### What the exercise asks
The output should be every line below, retyped exactly, with no images.

━━━━━━━━━━━━━━━━

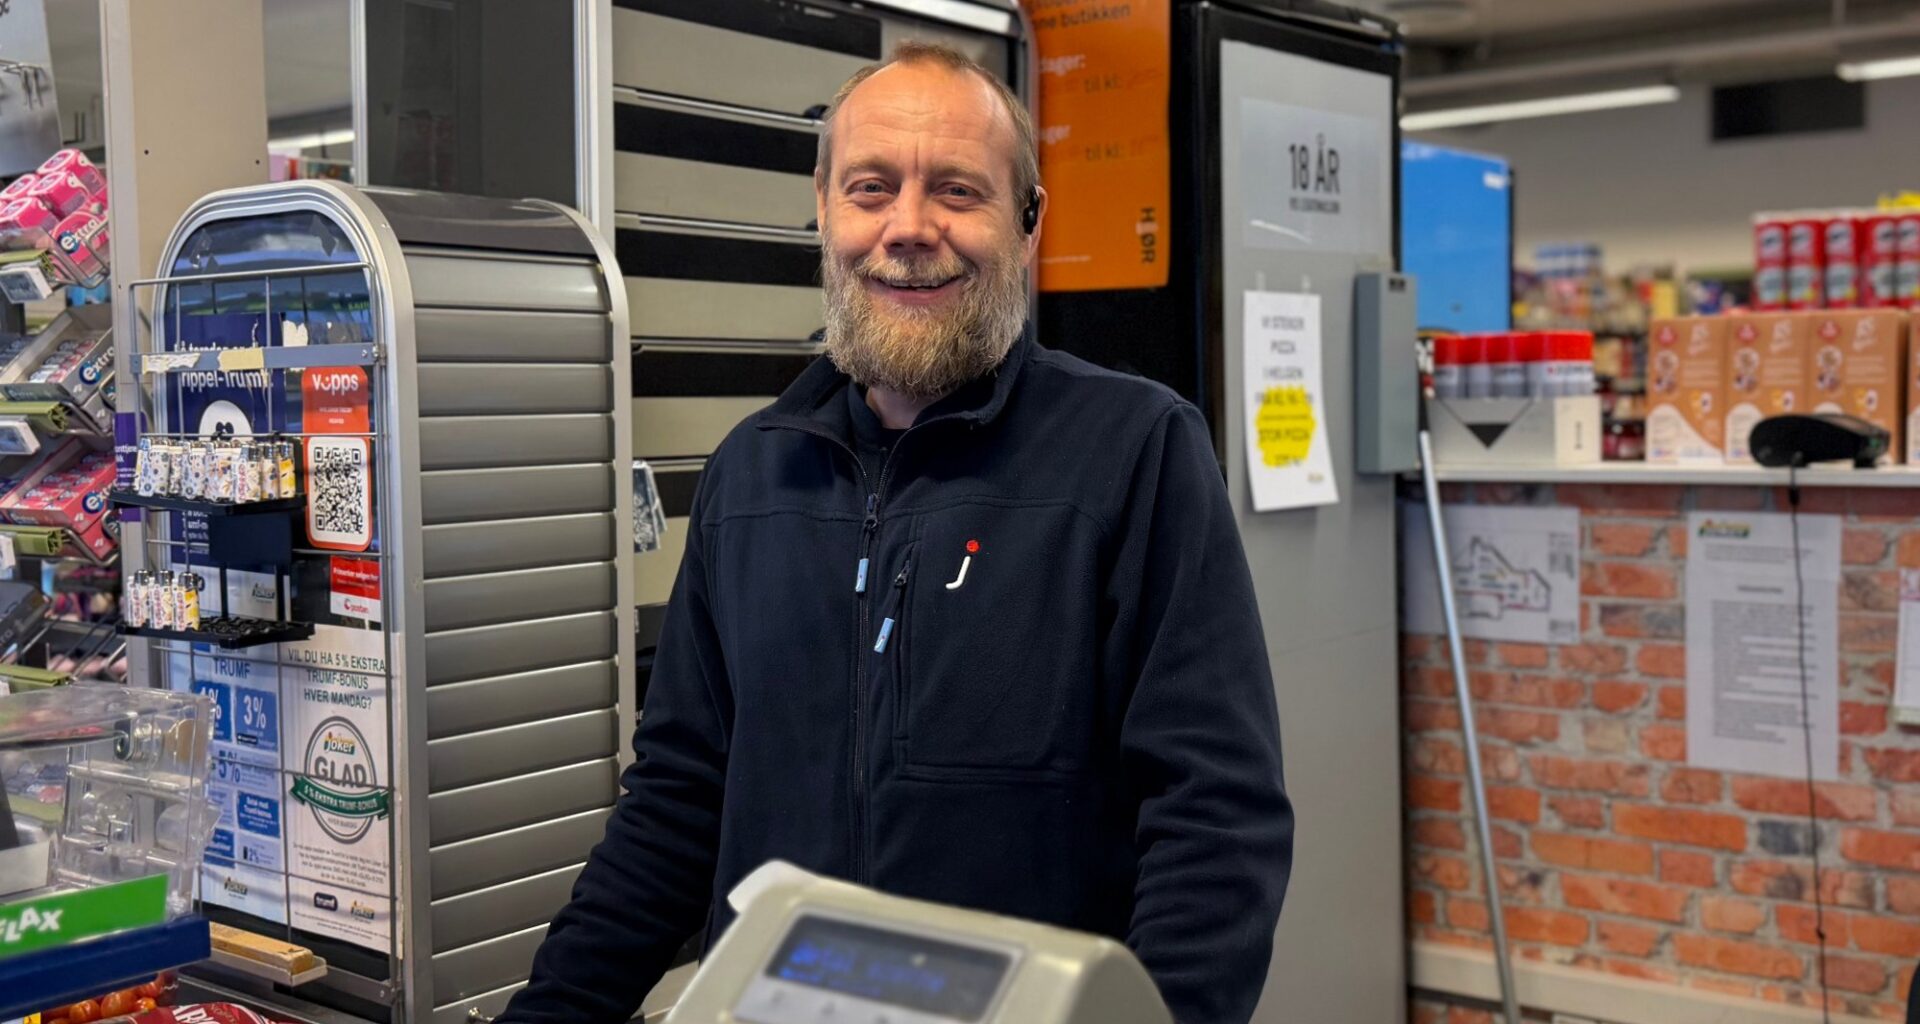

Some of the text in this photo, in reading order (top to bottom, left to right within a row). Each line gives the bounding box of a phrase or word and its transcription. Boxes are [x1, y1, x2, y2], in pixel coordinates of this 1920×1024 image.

[1289, 132, 1341, 194] 18 ÅR
[61, 216, 99, 250] extra
[213, 657, 251, 679] TRUMF
[288, 648, 302, 662] VIL
[305, 649, 318, 664] DU
[321, 651, 334, 665] HA
[351, 657, 386, 672] EKSTRA
[307, 668, 369, 690] TRUMF-BONUS
[243, 695, 267, 729] 3%
[304, 688, 373, 710] HVER MANDAG?
[314, 755, 367, 788] GLAD

━━━━━━━━━━━━━━━━

### Answer to the exercise
Some of the text in this photo, in reading order (top to bottom, left to right within a row). Each line gives the bounding box of a phrase or word and its transcription. Boxes are [x1, y1, x2, y2], in pixel coordinates of this 1920×1024 image.

[1289, 132, 1341, 194] 18 ÅR
[61, 216, 99, 250] extra
[213, 657, 251, 679] TRUMF
[288, 648, 302, 662] VIL
[305, 649, 318, 664] DU
[321, 651, 334, 665] HA
[351, 657, 386, 672] EKSTRA
[307, 668, 369, 690] TRUMF-BONUS
[243, 695, 267, 729] 3%
[304, 688, 373, 710] HVER MANDAG?
[314, 755, 367, 788] GLAD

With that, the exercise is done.